The cooking process explained
In plain terms: layer chicken in the slow cooker, whisk a brown sugar–soy–garlic sauce, pour it over, and let low heat do the rest. The low-and-slow method keeps chicken breasts tender and lets the sauce thicken slightly as the sugars caramelize. Expect 6–8 hours on LOW or 3–4 hours on HIGH; cooking time varies by slow cooker model and breast thickness. Always verify final doneness with an instant-read thermometer — 165°F (74°C) is the safe target.
What you’ll need
- 4 boneless, skinless chicken breasts (about 1.5–2 pounds total)
- 1/2 cup brown sugar (light or dark; dark gives deeper molasses notes)
- 1/2 cup soy sauce (use low-sodium if you’re salt-sensitive)
- 4 cloves garlic, minced (or 1½ teaspoons jarred minced garlic)

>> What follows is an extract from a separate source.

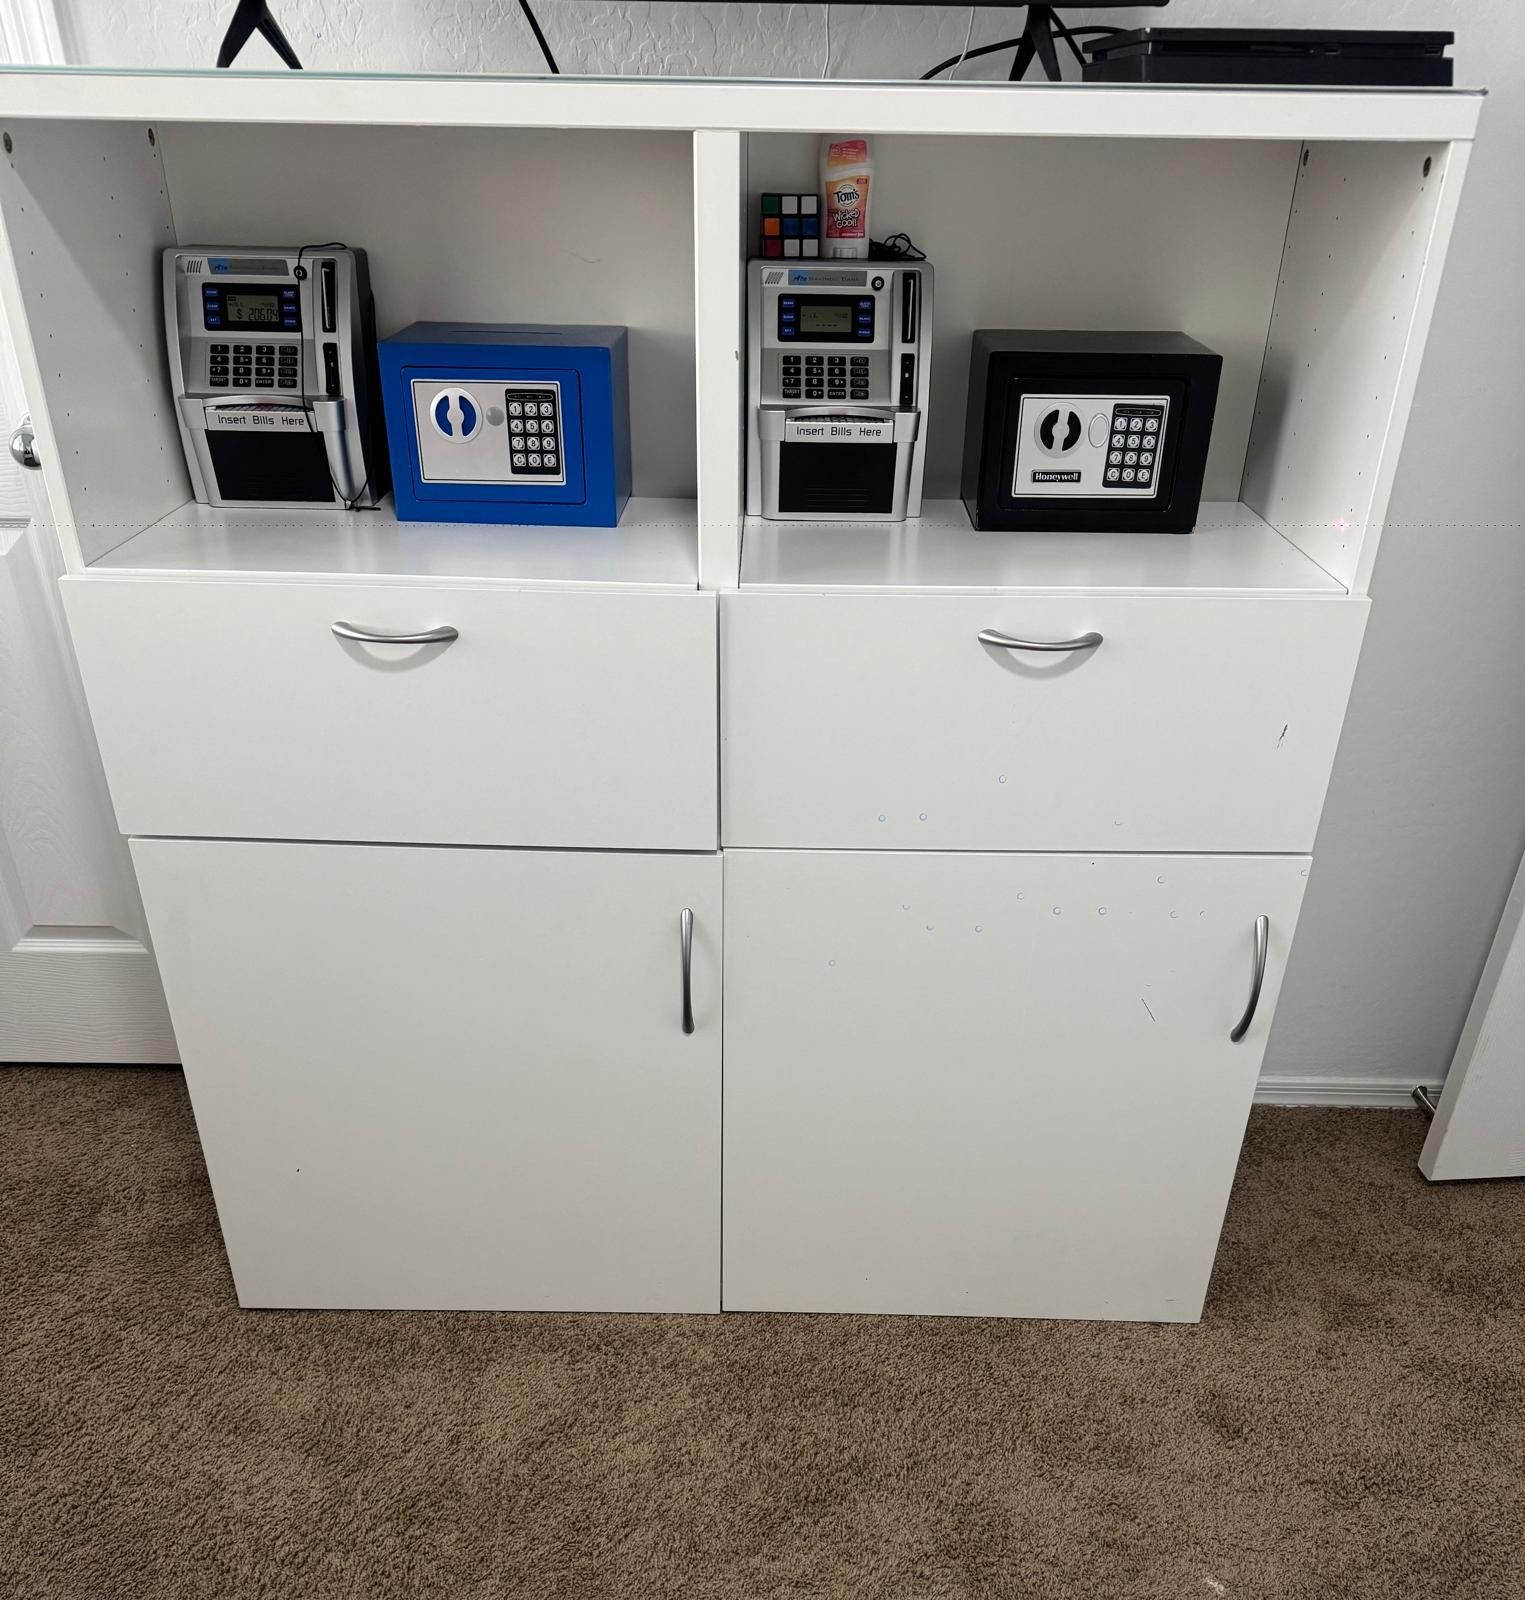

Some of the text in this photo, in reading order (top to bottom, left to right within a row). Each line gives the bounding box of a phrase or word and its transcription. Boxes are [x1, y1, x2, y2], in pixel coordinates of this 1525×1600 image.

[833, 188, 860, 203] Tom's
[217, 415, 305, 426] Insert Bills Here
[796, 426, 882, 437] Insert Bills Here
[1035, 472, 1079, 482] Honeywell

- 1/4 teaspoon black pepper
Notes and substitutions:
- For gluten-free: swap soy sauce for tamari or a gluten-free soy alternative.
- For richer flavor: add 1 tablespoon rice vinegar or a squeeze of fresh lime to brighten the sauce.
- Chicken thighs: you can swap thighs (boneless, skinless) — they’ll need similar time but may stay moister.
Step-by-step instructions
- Place the chicken breasts in a single layer in the slow cooker.
- In a small bowl, whisk together the brown sugar, soy sauce, minced garlic, and black pepper until the sugar mostly dissolves.
- Pour the sauce evenly over the chicken, tilting the slow cooker or spooning to coat as needed.
- Cover and cook on LOW for 6–8 hours, or on HIGH for 3–4 hours.
- Before serving, check the internal temperature of the chicken — it should reach 165°F (74°C). Spoon the sauce over rice or vegetables and serve.
Quick clarity: if your breasts are extra thick, split them horizontally or pound gently for even cooking. If you prefer a thicker glaze, remove the chicken when done and simmer the sauce on HIGH for 10–15 minutes (or transfer to a saucepan) to reduce, then return the chicken to coat.
Best ways to enjoy it
This chicken is built for bowls and simple plates. Try these pairings:
- Spoon over steamed jasmine rice or brown rice for a classic, comforting bowl.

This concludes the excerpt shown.